[breaktime-corner] Supersemar, Kudeta Khas Indonesia

  • From: "gunawan prakoso" <gunawan.prakoso@xxxxxxxxx>
  • To: <tea-corner@xxxxxxxxxxxxx>
  • Date: Mon, 12 Mar 2012 15:14:52 +0700

 

 


Supersemar, Kudeta Khas Indonesia


Baru-baru ini Ketum Partai Hanura, Wiranto, mengatakan, makar atau kudeta
hampir tidak dikenal di Indonesia, apalagi kudeta militer. Di Indonesia tak
pernah terjadi kudeta militer. [1]

Benarkah itu? Sepertinya, orang Amerika tidak berpendapat begitu.

Hari ini tepat tanggal 11 Maret, hari diperingatinya Supersemar (Surat
Perintah 11 Maret 1966) yang historikal itu. Di buku-buku pelajaran Sejarah
Indonesia saya sejak SD tak pernah ada kata 'kudeta' untuk menyebut
Supersemar.

Tapi sesaat setelah kejadian, orang Amerika telah mengenalinya sebagai
kudeta. Berikut isi telegram dari Kedubes Amerika (Jakarta) untuk Dept. Luar
Negeri (Washington), 12 Maret 1966 [2]:

"Indonesia baru saja melancarkan sebuah kudeta militer [military coup] yang
khas negeri tersebut. Setelah lama ditunggu-tunggu kini Sukarno telah
mempertaruhkan nasibnya terlalu jauh. Rencana dia untuk menyingkirkan
jajaran kepemimpinan militer dan memasukkan seseorang yang dikenal sebagai
Pro-Komunis sebagai Meneri Pertahanan telah mendorong militer untuk memotong
kekuasaannya."

Mengapa disebut kudeta 'khas Indonesia'? saya tak paham dengan pasti. Tapi
barangkali itu karena proses pengambilan kekuasaan (dari Sukarno ke Soeharto
(AD)) berjalan lambat -setidaknya dalam pandangan pemerintah AS. Mereka
sudah sejak berbulan-bulan sebelumnya menonton dan menyimak setiap langkah
yang dibuat tokoh-tokoh penting di Indonesia. Terutama setelah peristiwa
G30S yang disusul pembantaian massal terkejam yang pernah terjadi negeri
kita ini.

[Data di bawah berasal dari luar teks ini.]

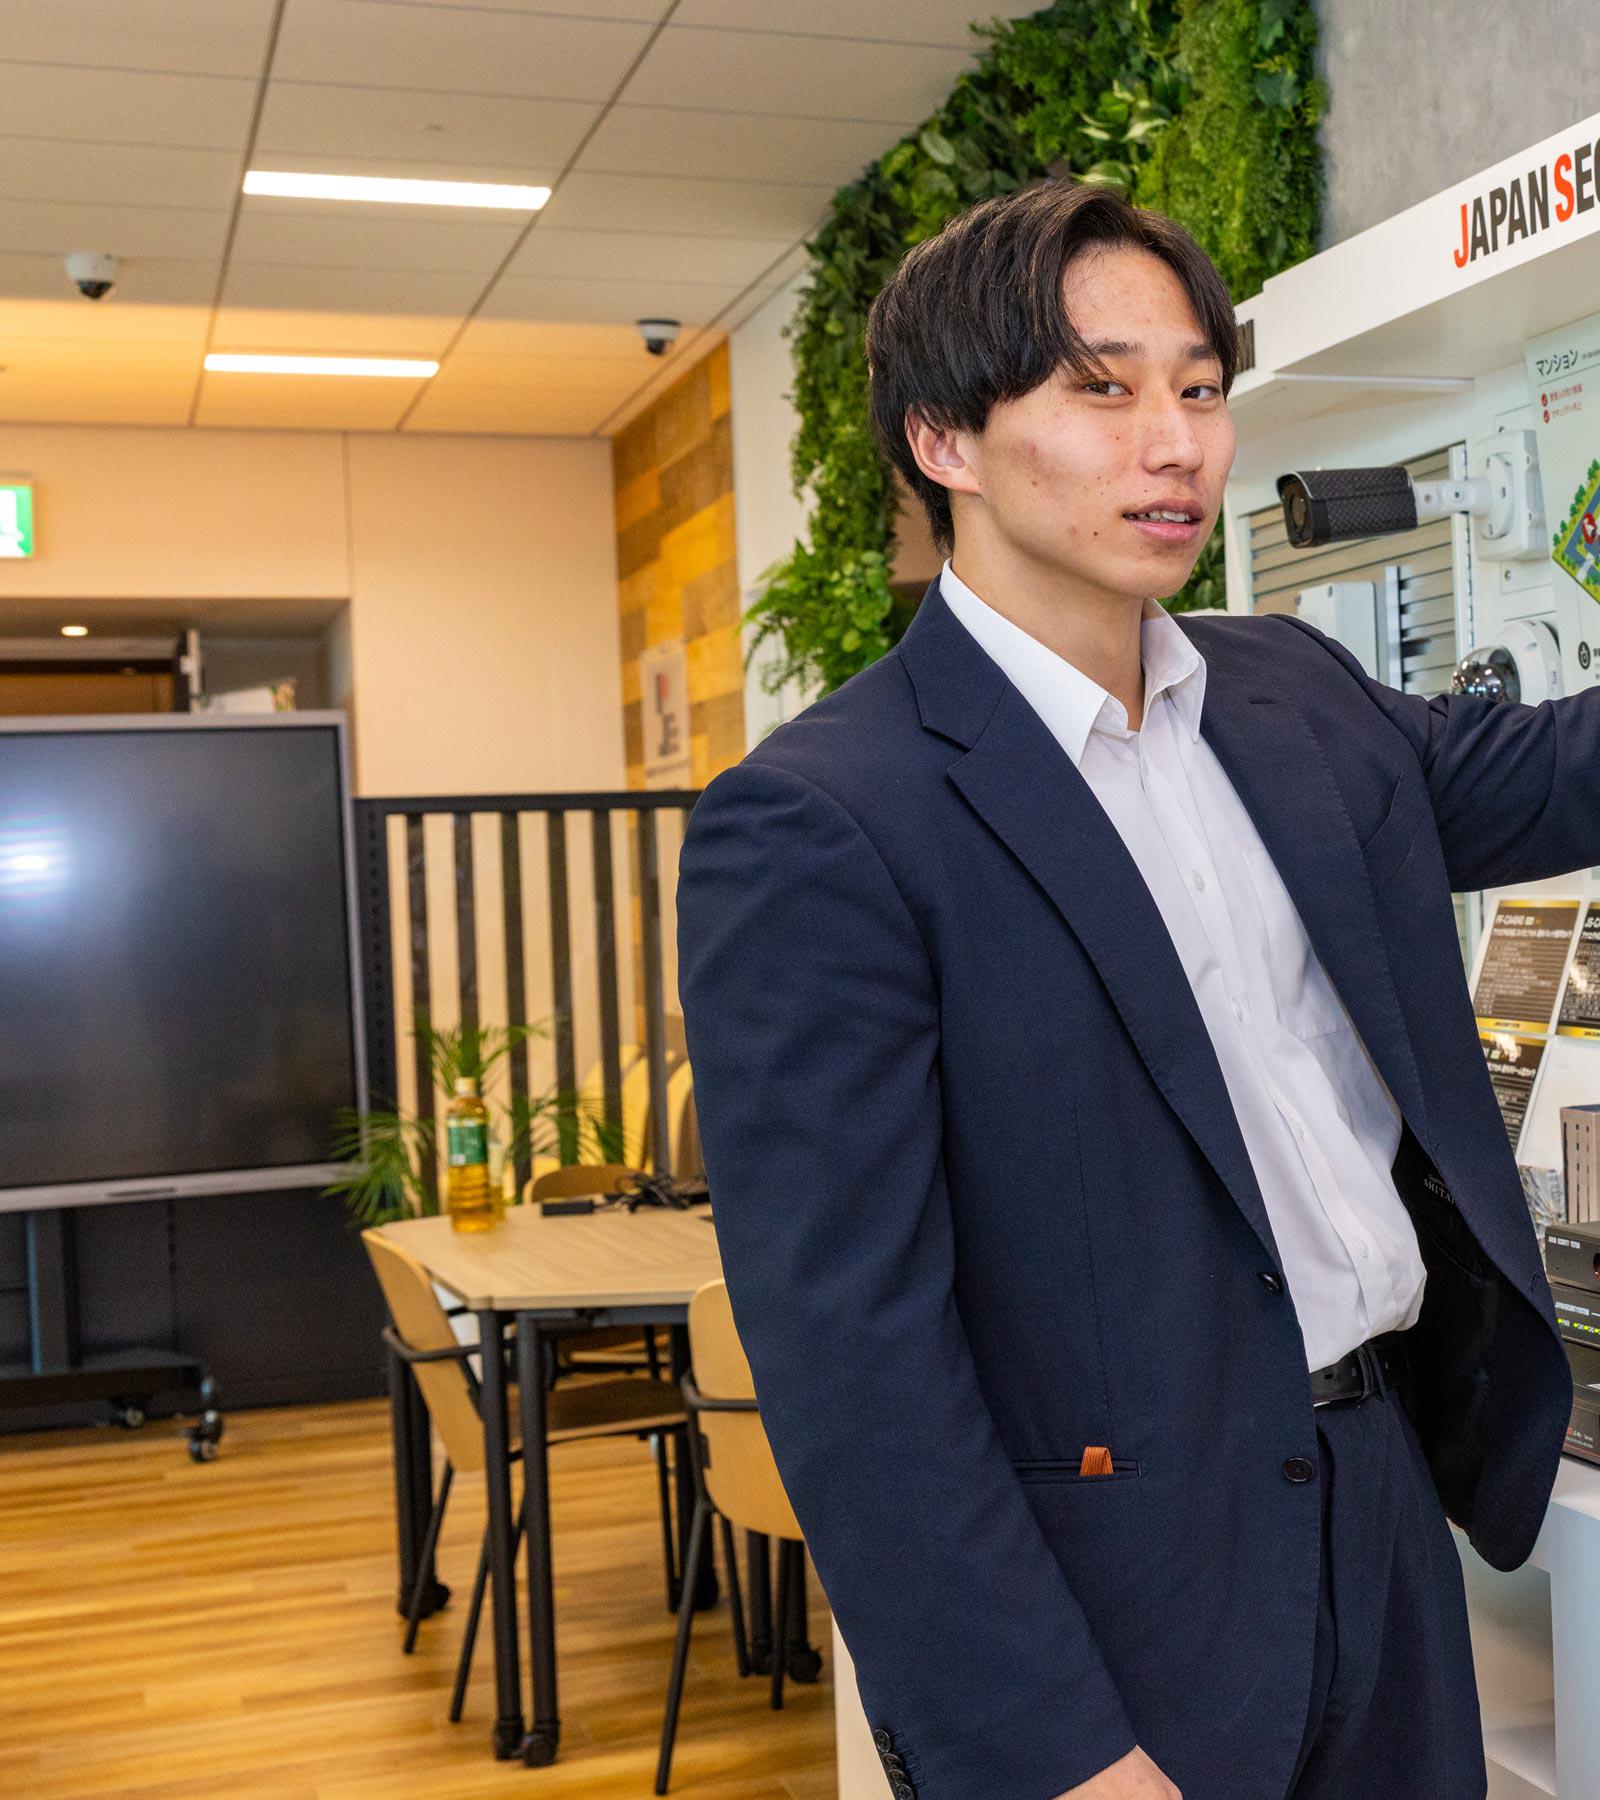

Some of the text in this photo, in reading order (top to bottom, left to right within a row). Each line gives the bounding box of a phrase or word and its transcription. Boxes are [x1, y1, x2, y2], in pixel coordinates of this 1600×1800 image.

[1453, 164, 1550, 269] JAPAN
[1536, 350, 1578, 376] マンション

Tahun 1965, setidaknya lima ratus ribu orang dibunuh pada bulan
Oktober di Jawa Tengah, bulan November di Jawa Timur, dan bulan Desember di
Bali.

Description: Description: 133144179681410362

Pemerintah AS terkesan tak sabar dan geregetan menunggu saat-saat Sukarno
disingkirkan. Hal ini dengan apik dijabarkan oleh Baskara T. Wardaya, SJ
dalam bukunya yang memuat telegram-telegram Kedubes AS di Jakarta, Dept.
Luar Negeri AS, dan dokumen-dokumen rahasia CIA yang berisi laporan-laporan
perkembangan terakhir Indonesia [3].

Sampai akhirnya pada 11 Maret 1966, terjadi juga hal yang mereka harapkan.
Majalah Time edisi 15 Juli 1966 bahkan menyebut apa yang terjadi di
Indonesia pada periode ini sebagai "The West's best news for years in Asia."

Pada pertemuan selanjutnya antara Soeharto dan Dubes AS, Marshall Green,
nama Sukarno tak satu kali pun disebut. Soeharto menekankan bahwa pemersatu
Indonesia itu adalah Pancasila. Artinya, bukan Sukarnolah yang seharusnya
menjadi kekuatan pemersatu di Indonesia. [4] Padahal saat itu, Sukarno masih
menjabat sebagai Presiden. Jelas bahwa pengaruh dan kekuasaan Bung Karno
sudah jauh merosot.

Kembali ke sebutan 'khas Indonesia' itu, tentu tak lepas dari peran
mistisisme Jawa dalam politik yang rupanya tak pernah bisa dipahami oleh
orang Amerika. Satu hal yang mereka pahami adalah bahwa Soeharto itu orang
Jawa. Oleh karena itu ia bisa memahami Sukarno, sedangkan Nasution tidak.
[5] Barangkali itulah salah satu unsur keberhasilan 'kudeta khas Indonesia'
berlabel Supersemar ini.

Seperti halnya Nasution, rupanya Mochtar Lubis yang sama-sama orang Sumatra,
juga tak bisa memahami pentingnya mistisisme Jawa dalam politik Indonesia.
Mochtar Lubis, wartawan senior yang dalam catatan hariannya semasa di
penjara tanpa pengadilan oleh rezim Sukarno, menulis sebagai berikut:

"Jika Jenderal Soeharto dan kawan-kawan sungguh-sungguh dapat bekerja secara
rasional, maka Indonesia masih dapat diselamatkan dari keruntuhan. Tapi
mistik Jawa kelihatan mulai lagi -sudah ada yang membandingkan Soeharto
dengan Rama, istrinya adalah Shinta, dan anak-anak KAMI, KAPPI, adalah
tetara Hanuman. Ini namanya main-main!

.

Jika diperlukan mistik Jawa menyamakan Soeharto dengan Rama, dan KAMI DAN
KAPPI adlah pasukan-pasukan beruk Hanuman yang akhirnya mengalahkan Rahwana
(Soekarno) diteruskan, maka seluruh pemikiran akan jatuh lagi ke dalam alam
tak rasional. Dan Indonesia akan kacau terus.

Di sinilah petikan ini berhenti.